The size of the left margin. The default is 1 inch.

right_margin:

The size of the right margin. The default is 1 inch.

top_margin:

The size of the top margin. The default is 1 inch.

bottom_margin:

The size of the bottom margin. The default is 1 inch.

font_family:

The text font family. The default is “sans-serif”.

font_size:

The text font size. The default is 12.

text_color:

The text color size. The default is “black”.

text_offset:

The separation between the axis labels and the grid. The default is 0.15 inches.

pixels_per_unit:

This is a scaling factor that allows you specify your dimensions to what every units you wish. A value of 96, the default, means that you are specifying your units in inches. A value of 37.8 allows you specify values in centimeters.

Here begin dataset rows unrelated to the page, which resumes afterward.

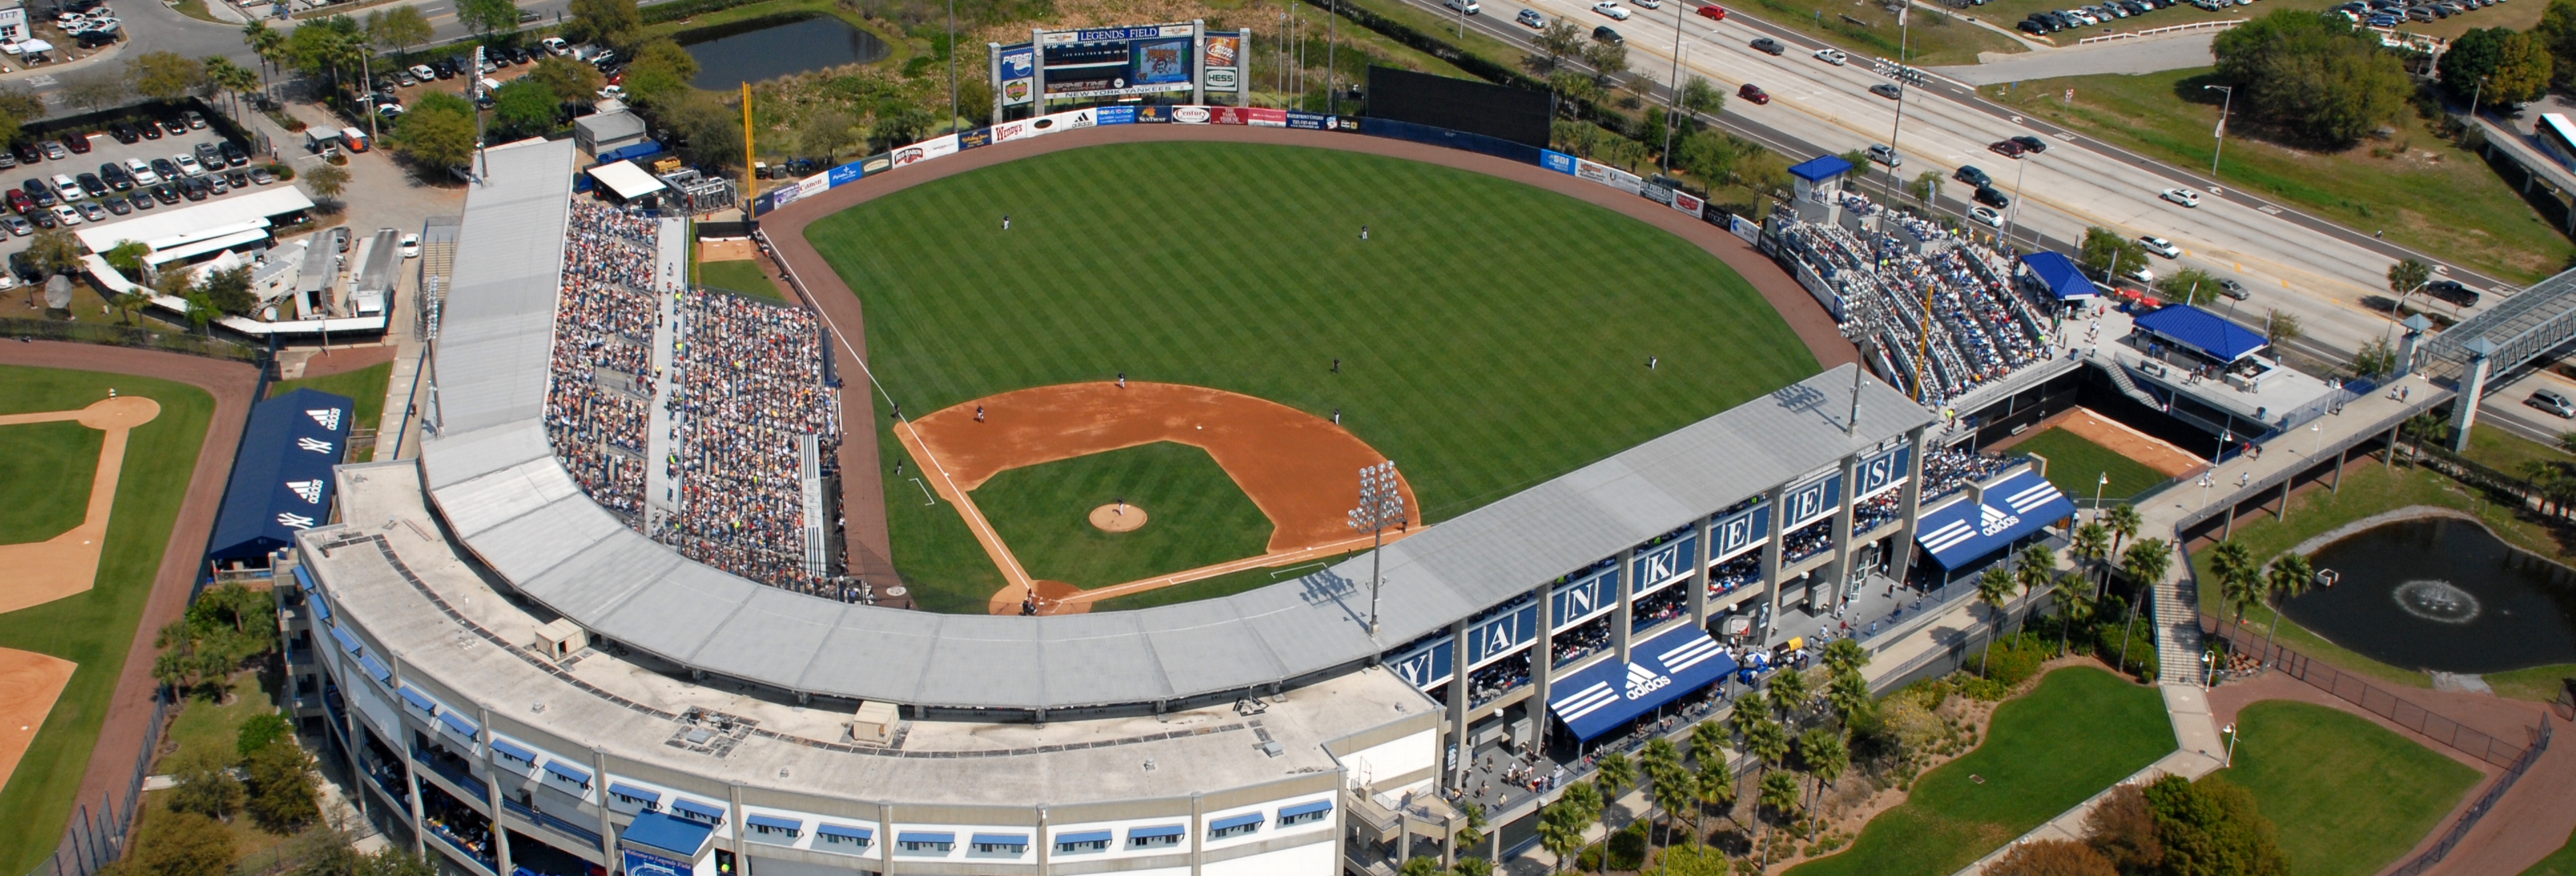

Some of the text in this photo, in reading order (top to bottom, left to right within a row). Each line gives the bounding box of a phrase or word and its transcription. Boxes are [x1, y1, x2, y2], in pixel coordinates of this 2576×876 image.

[1080, 28, 1157, 41] LEGENDS FIELD
[1003, 53, 1033, 65] PEPSI
[1176, 109, 1207, 118] Century
[995, 124, 1023, 141] Wendy's
[1553, 154, 1569, 165] SDI
[800, 179, 822, 191] Canon
[327, 408, 341, 431] adidas
[308, 479, 323, 504] adidas
[1982, 515, 2020, 537] adidas
[1626, 675, 1671, 700] adidas
[625, 848, 648, 859] Welcome
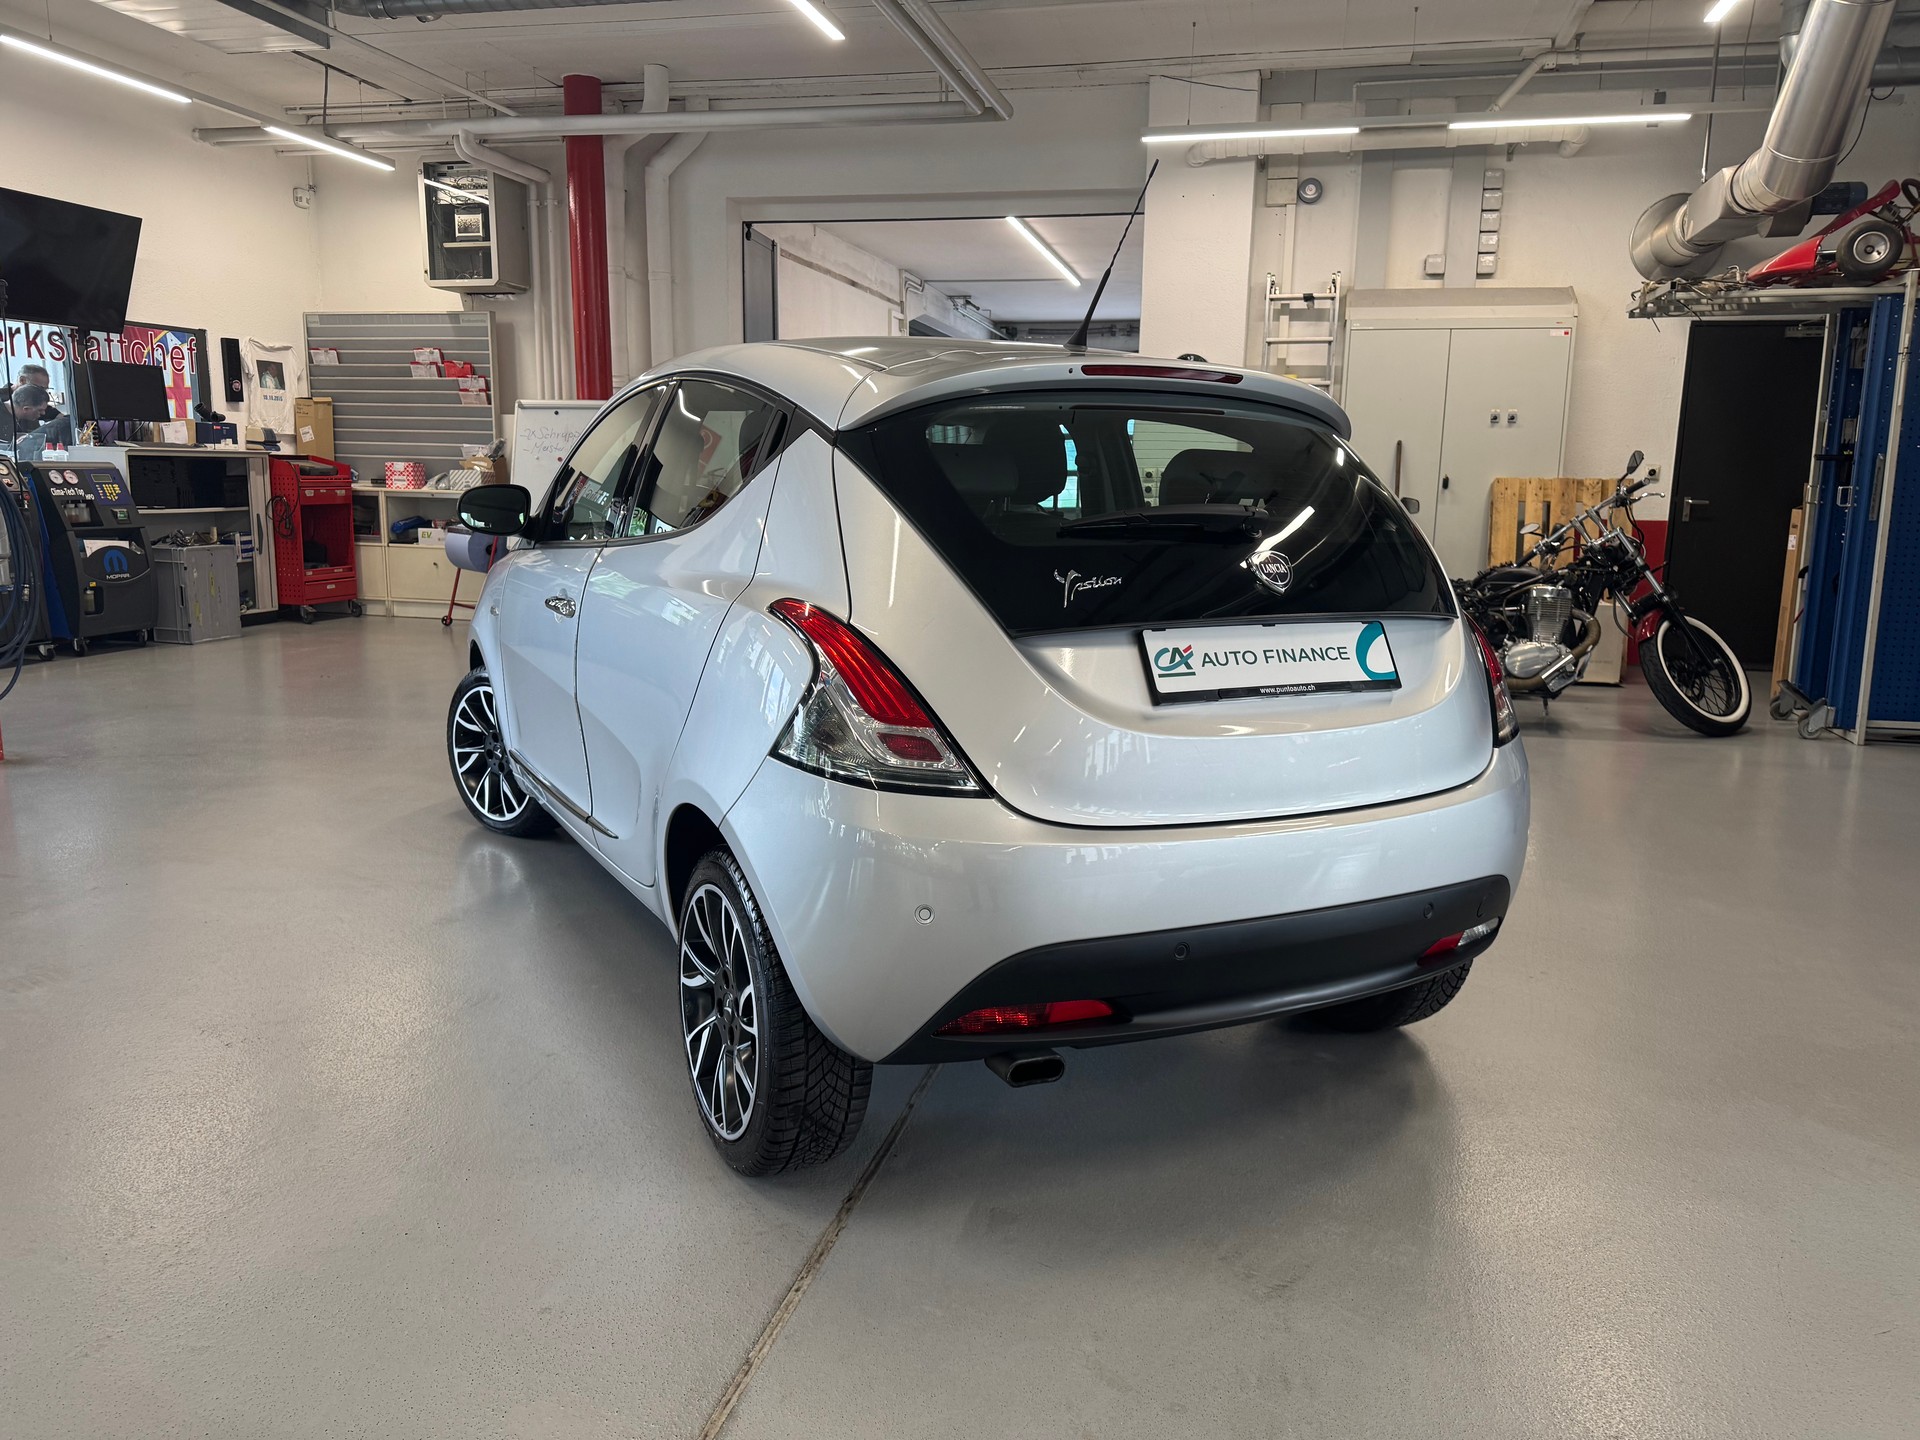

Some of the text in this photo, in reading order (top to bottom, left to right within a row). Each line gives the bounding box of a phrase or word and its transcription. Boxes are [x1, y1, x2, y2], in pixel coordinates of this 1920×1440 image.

[0, 322, 197, 375] rkstattchef
[74, 487, 85, 498] Top
[421, 531, 432, 539] EV
[1261, 563, 1288, 574] LANCIA
[1053, 569, 1122, 608] Ypsilon
[1201, 650, 1258, 668] AUTO
[1263, 646, 1351, 664] FINANCE
[1260, 684, 1316, 694] www.puntoauto.ch
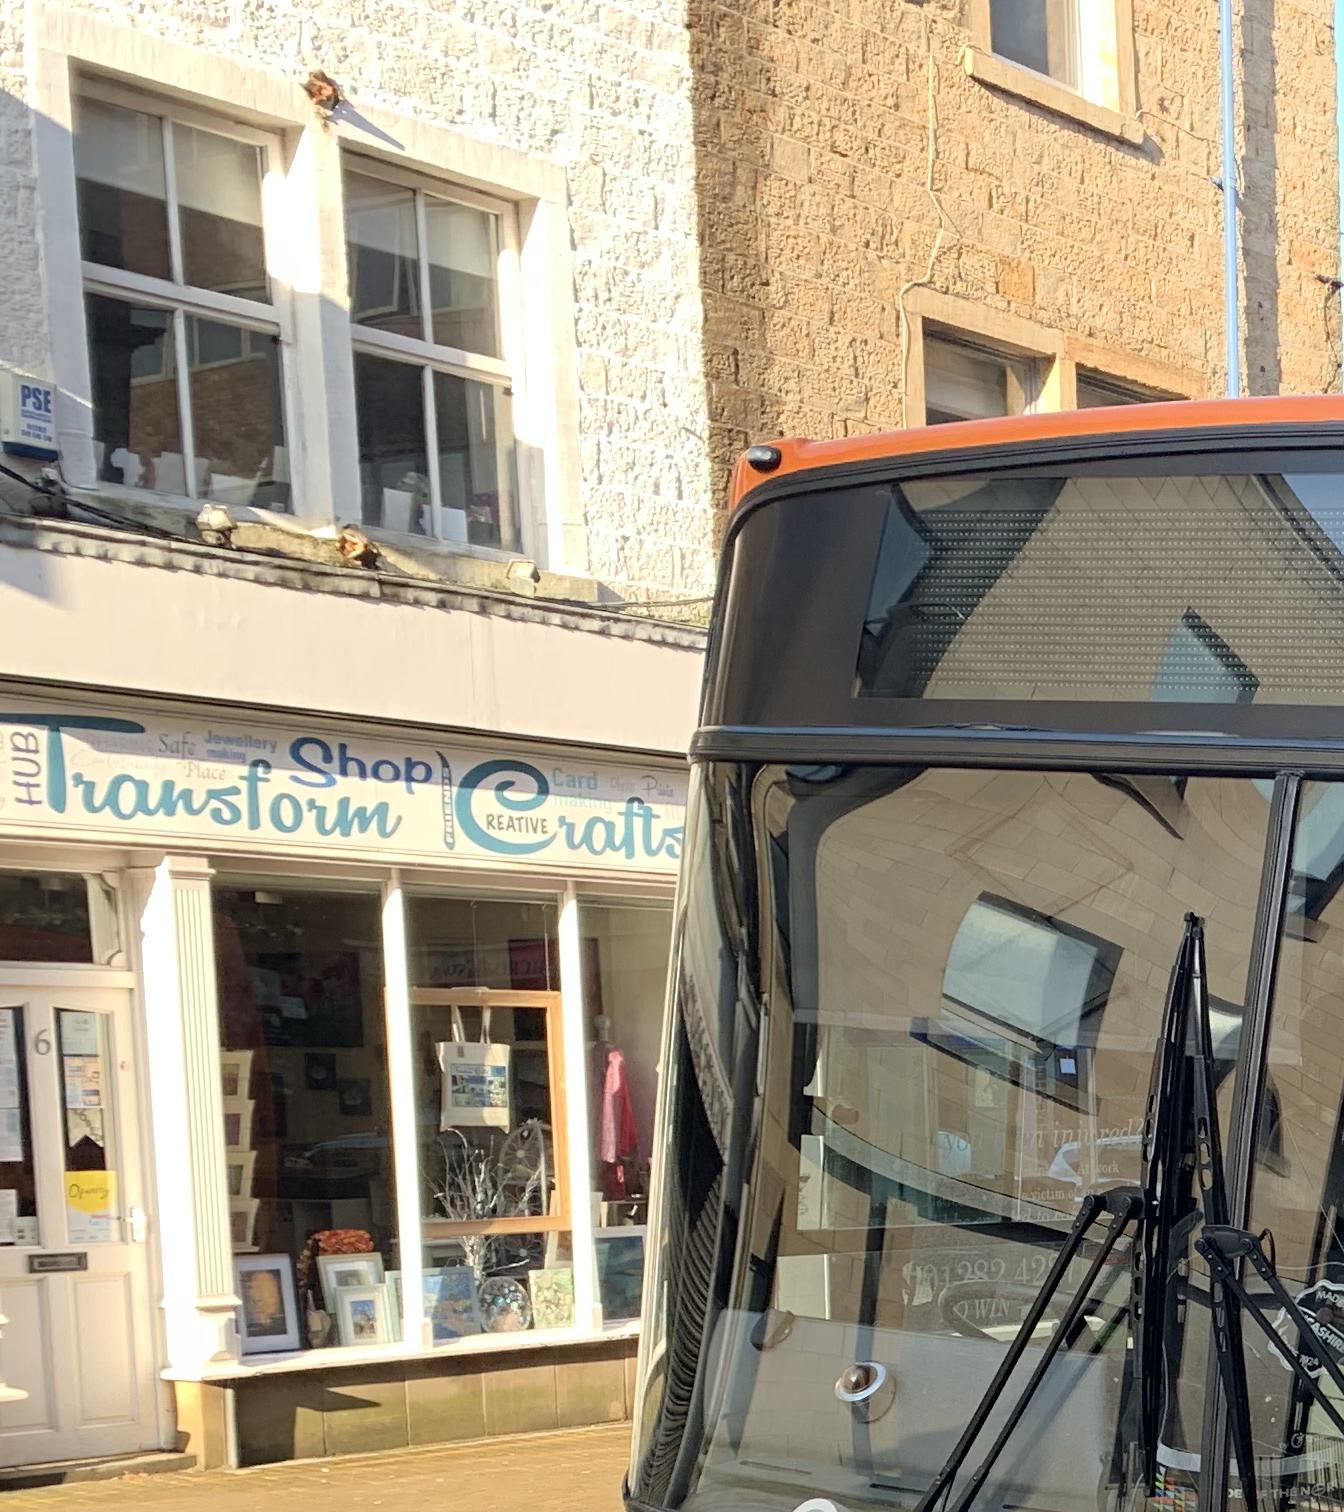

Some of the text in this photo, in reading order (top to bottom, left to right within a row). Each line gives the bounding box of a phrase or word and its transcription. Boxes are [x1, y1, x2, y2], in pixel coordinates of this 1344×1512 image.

[21, 384, 51, 413] PSE
[158, 731, 197, 766] Safe
[204, 731, 278, 753] Jewellery
[0, 713, 403, 840] Transform
[186, 762, 226, 781] Place
[289, 737, 433, 794] Shop
[552, 768, 598, 790] Card
[552, 794, 612, 814] making
[34, 1029, 51, 1055] 6
[1315, 1290, 1344, 1307] MADE

Etc.

In addition, many SVG parameters can be passed into RLC_Chart, in which case they are simple passed on to svgwrite.

Generally, RLC_Chart is the argument of a with statement. If you choose not to do this, then you must explicitly call the close method yourself. Other than close, RLC_Chart provides one other method: add_trace.

add_trace()

This method adds a trace to the graph. It may be called multiple times to add additional traces. There are two required arguments:

frequency:

An array of real values representing the frequency values of the points that when connected make up the trace.

impedance:

An array of real values representing the impedance values of the points that when connected make up the trace.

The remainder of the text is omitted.